All’Aquila serve amore secondo Petrocchi
L’Aquila – ( di Amedeo Esposito) – OCCORRONO I TIRATORI DEL CARRO PER RITROVARE L’ANIMA AQUILANA – (foto: Esposito e mons. Petrocchi) –
“All’Aquila serve amore”, senza il quale, come ha rilevato l’arcivescovo metropolita monsignor Giuseppe Petrocchi, la città inaridisce sotto le macerie del tessuto urbano stravolto, a danno esclusivo delle giovani generazioni ormai in fuga.
I ritardi della ricostruzione – aggiunge – minano le “basi della rivitalizzazione dell’identità delle persone, soprattutto dei giovani”.

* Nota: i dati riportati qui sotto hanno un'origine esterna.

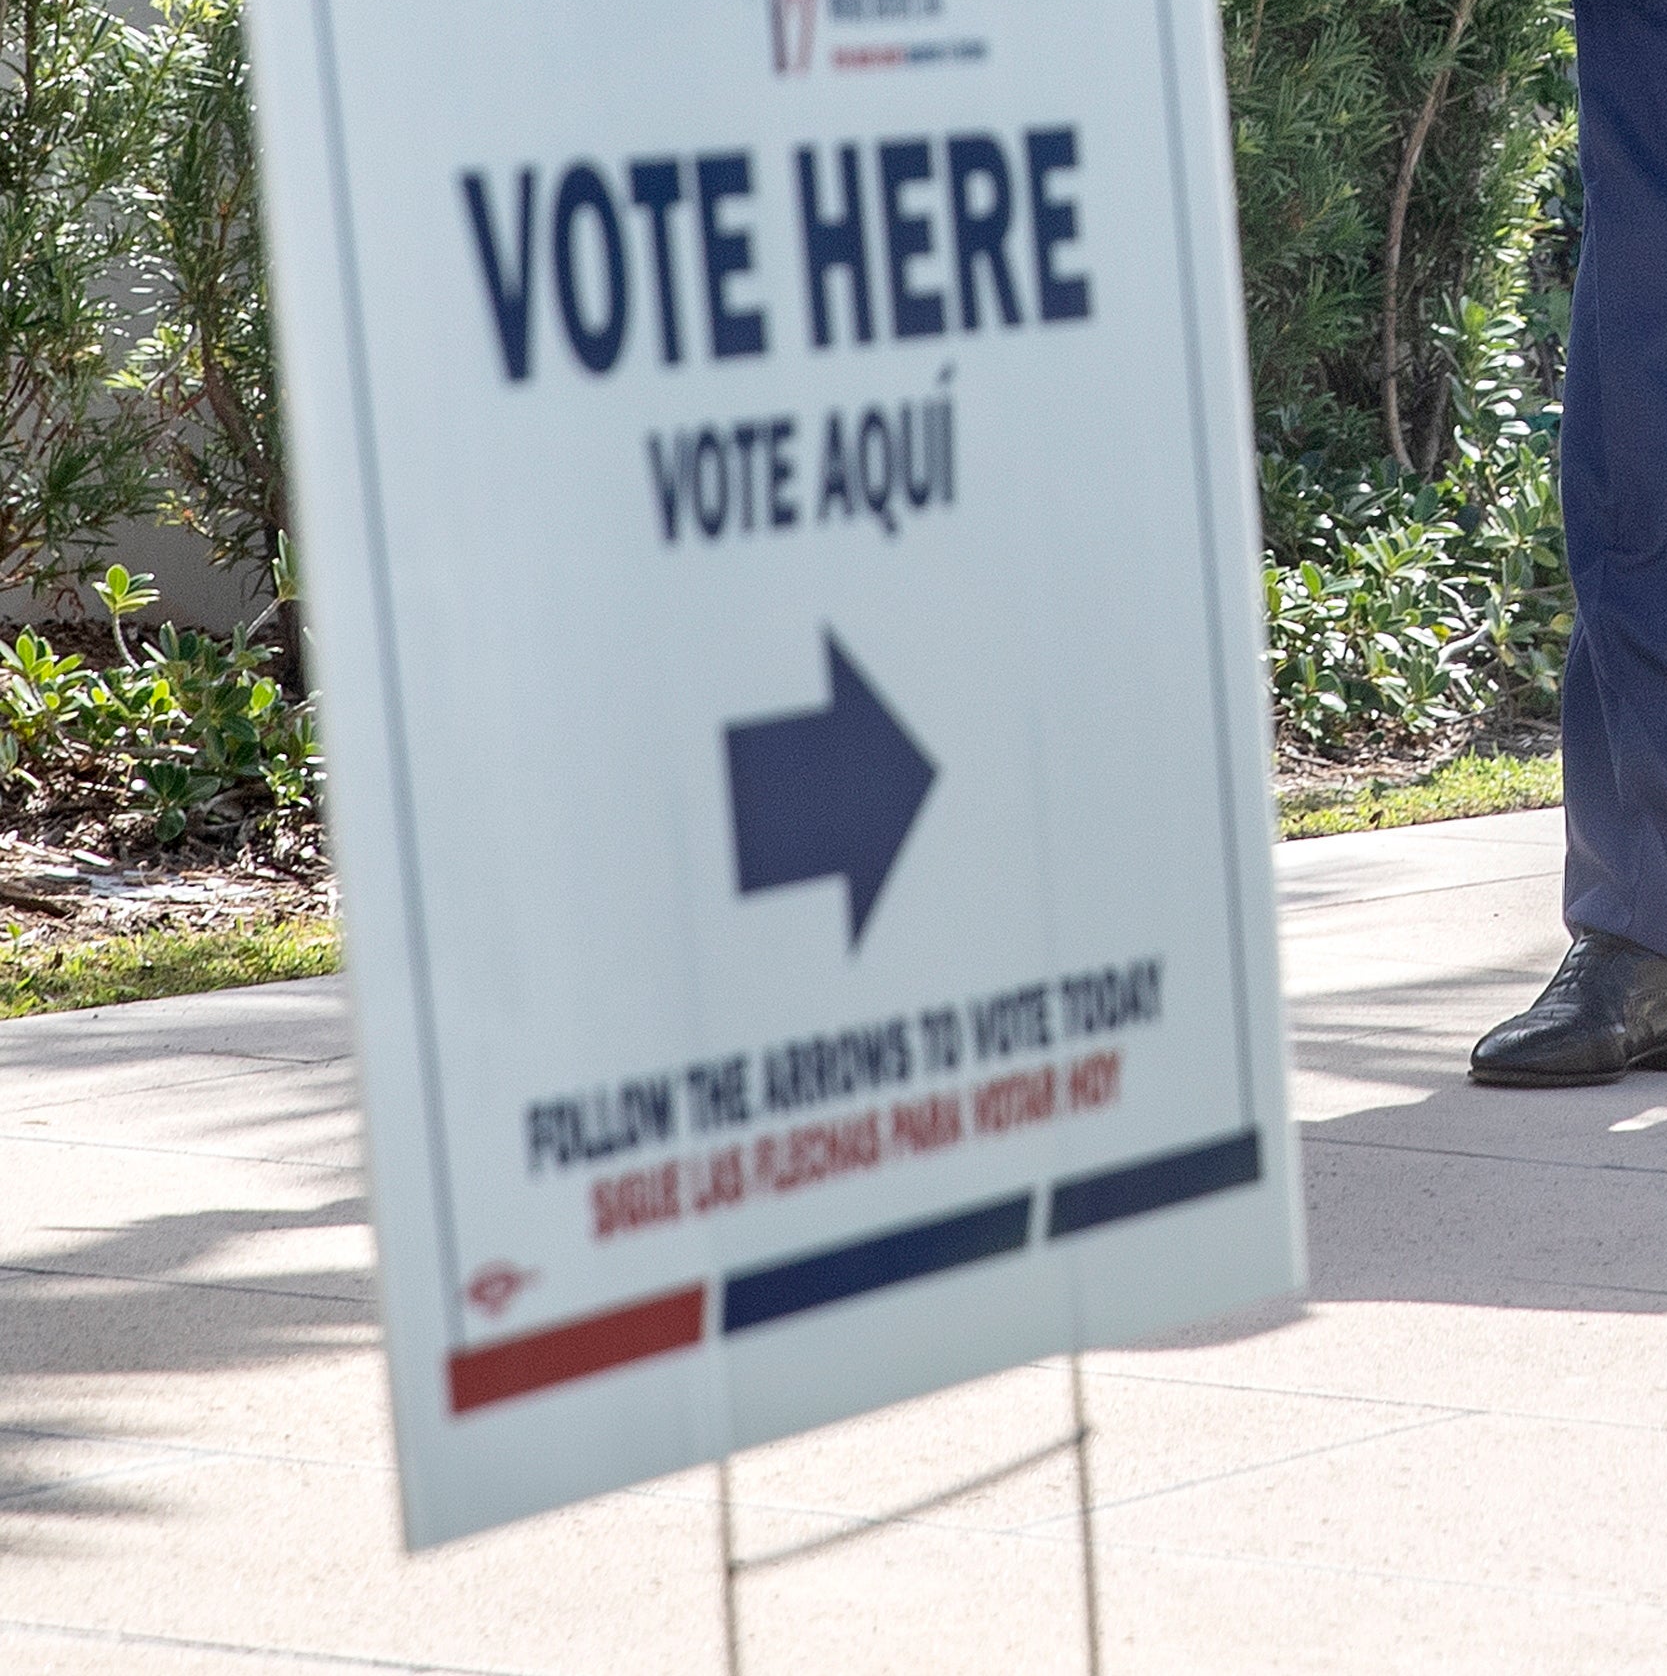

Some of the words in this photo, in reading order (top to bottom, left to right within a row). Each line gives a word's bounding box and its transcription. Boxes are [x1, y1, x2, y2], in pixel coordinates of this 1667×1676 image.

[461, 146, 768, 383] VOTE
[794, 124, 1090, 351] HERE
[646, 417, 800, 543] VOTE
[816, 362, 957, 537] AQUÍ
[526, 1077, 680, 1174] FOLLOW
[686, 1050, 751, 1134] THE
[760, 1016, 911, 1115] ARROWS
[917, 1002, 962, 1072] TO
[966, 981, 1051, 1062] VOTE
[1056, 954, 1164, 1037] TODAY
[590, 1157, 681, 1241] SIGUE
[686, 1139, 746, 1214] LAS
[752, 1106, 881, 1199] FLECHAS
[889, 1090, 963, 1158] PARA
[972, 1062, 1056, 1136] VOTAR
[1065, 1046, 1122, 1113] HOY

Convinzioni queste che monsignor Petrocchi ha maturato in sé, dopo un anno di “osservazione” degli eventi che hanno colpito e colpiscono la città, preso- com’è stato – dalle profonde trasformazioni apportate nell’ambito della sua “piccola ma antica” diocesi, ridotta in frantumi anch’essa dal sisma del 2009, e soprattutto dagli incontrollati e incontrollabili interventi emergenziali.

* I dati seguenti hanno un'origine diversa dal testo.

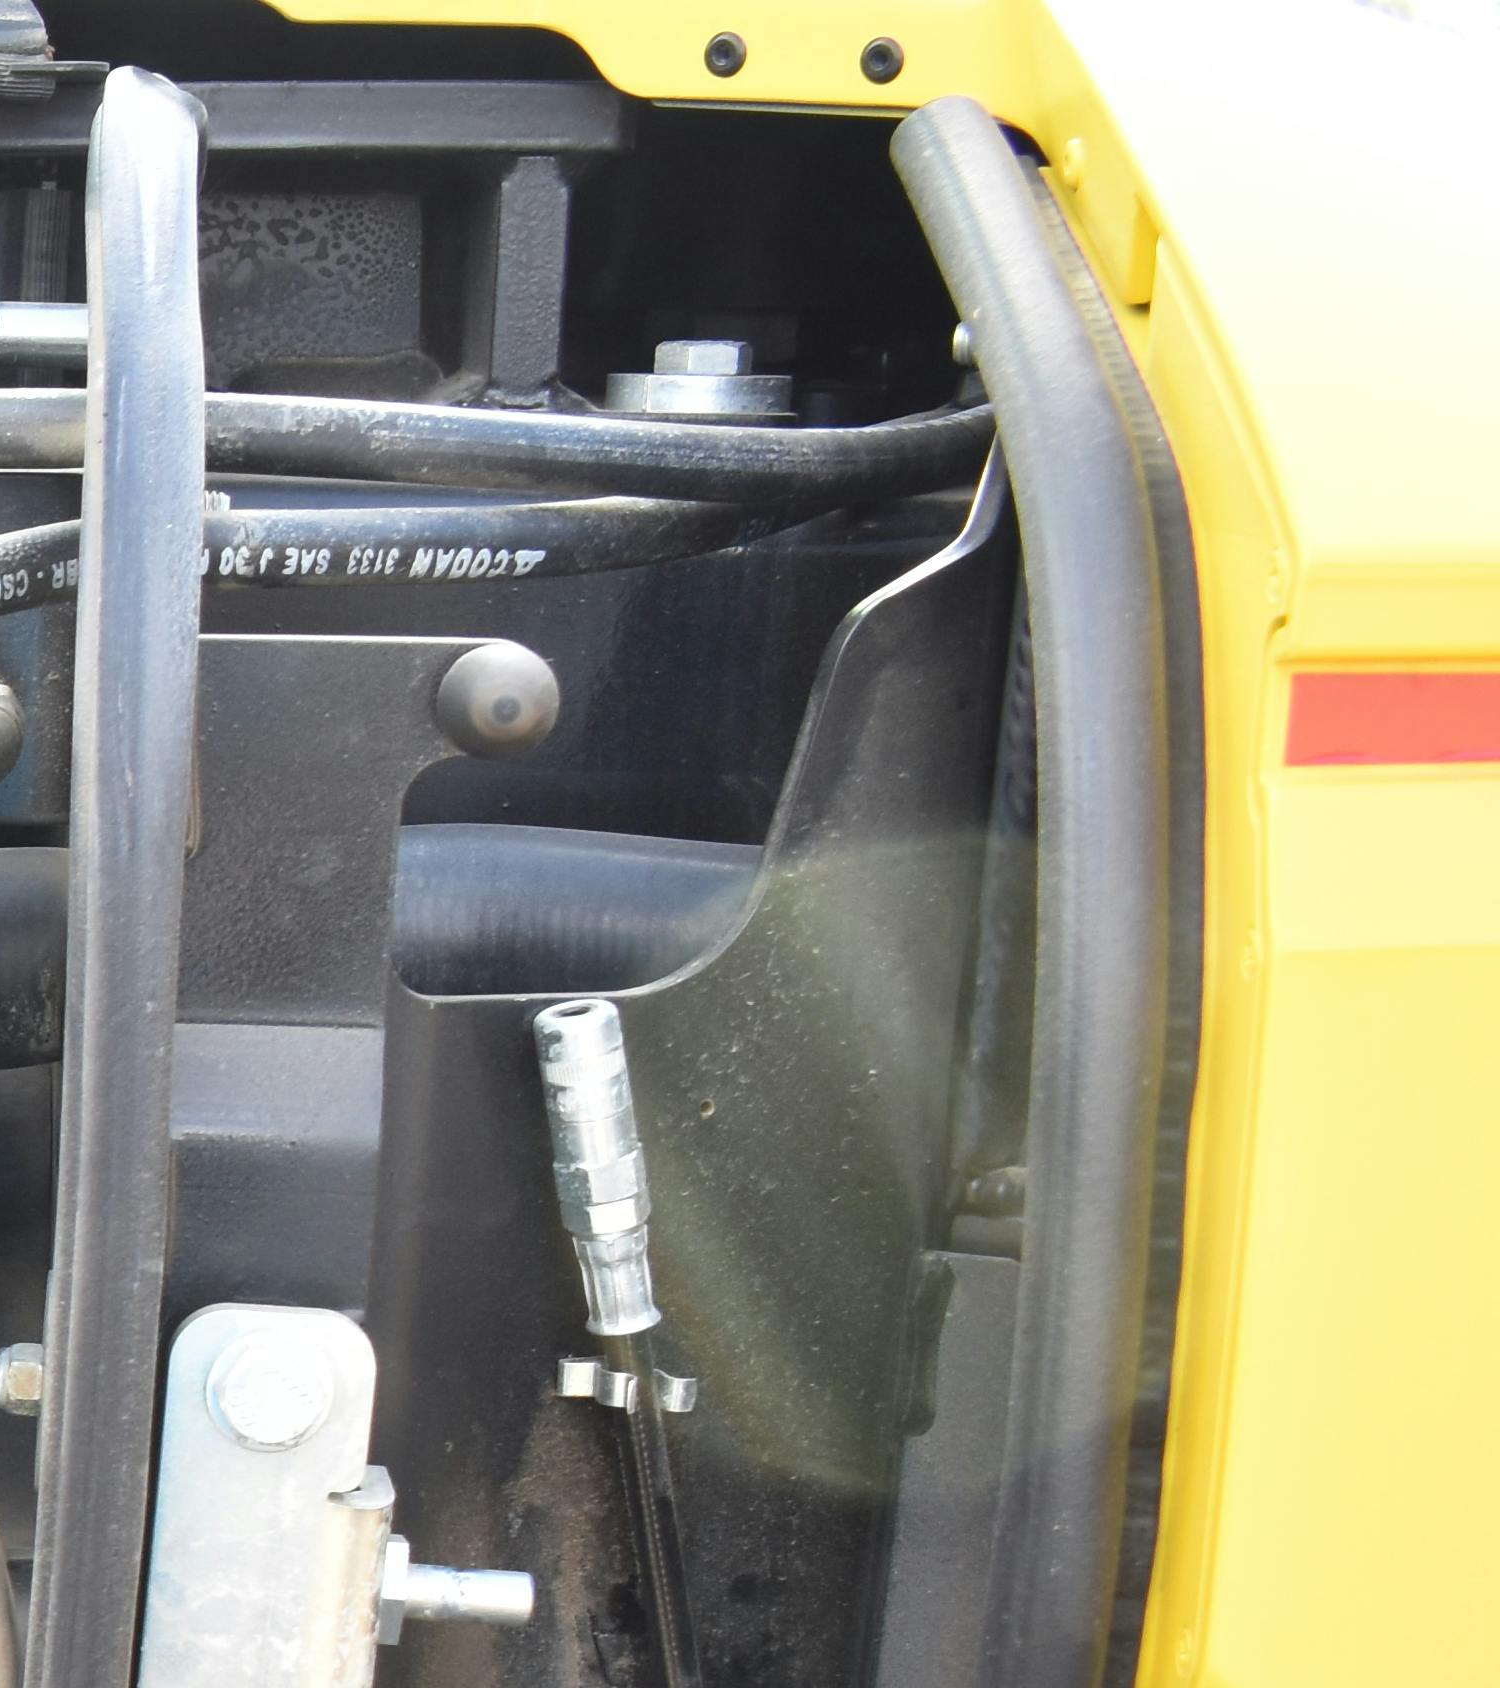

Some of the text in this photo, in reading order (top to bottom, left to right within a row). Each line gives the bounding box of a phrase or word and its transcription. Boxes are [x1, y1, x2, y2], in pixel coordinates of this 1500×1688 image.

[52, 558, 79, 590] BR
[282, 547, 332, 576] SAE
[346, 547, 400, 576] 3133

Interventi dell’emergenza che hanno lasciato la città senza il suo precipuo punto spirituale, e cioè la cattedrale dei Santi Massimo e Giorgio, ridotta nel più squallido disfacimento dopo il terremoto. Alla kafkiana assurdità della burocrazia della pubblica amministrazione cittadina, dunque, monsignor Petrocchi ha unito quella interna, piuttosto costosa e rovinosa, alla sua “Curia di legno” , da cui non riesce ad uscire per tentare di riordinare in comunità riconoscibile e fervente la diaspora aquilana “gettata” nelle new town.
Non è valso finora neanche l’”effetto Francesco”, il Pontefice che dall’alto della sua “finestra aperta al mondo” del palazzo apostolico, ha gridato agli aquilani “jemo’nnanzi”, andiamo avanti nelle opere perché si rinnovi la città, ma soprattutto il senso civico che fu creato dall’appassionante clima del dopoguerra, entro cui si formarono i cittadini e la città feriti ora profondamente dal terremoto.
Fu clima della sobrietà che coinvolse tutti: cattolici dell’esile memoria dei movimenti civici, liberali, comunisti socialisti etc.
Quasi “oceano” che purtroppo – a causa delle contrapposizioni ideologiche esasperate di tutti, compresi i cattolici – non lambisce più il tempo aquilano presente.
Peccato!
Nelle affermazioni di monsignor Petrocchi non vi sono spiragli, anche perché viviamo “tempi liquidi”, che facciano intravvedere il rinnovarsi del citato clima civico, dovuto – occorre dirlo – soprattutto all’azione del suo antico predecessore, il cardinale Carlo Confalonieri, il quale soleva ripetere che “non basta spingere, bisogna mettersi davanti a tirare il carro”.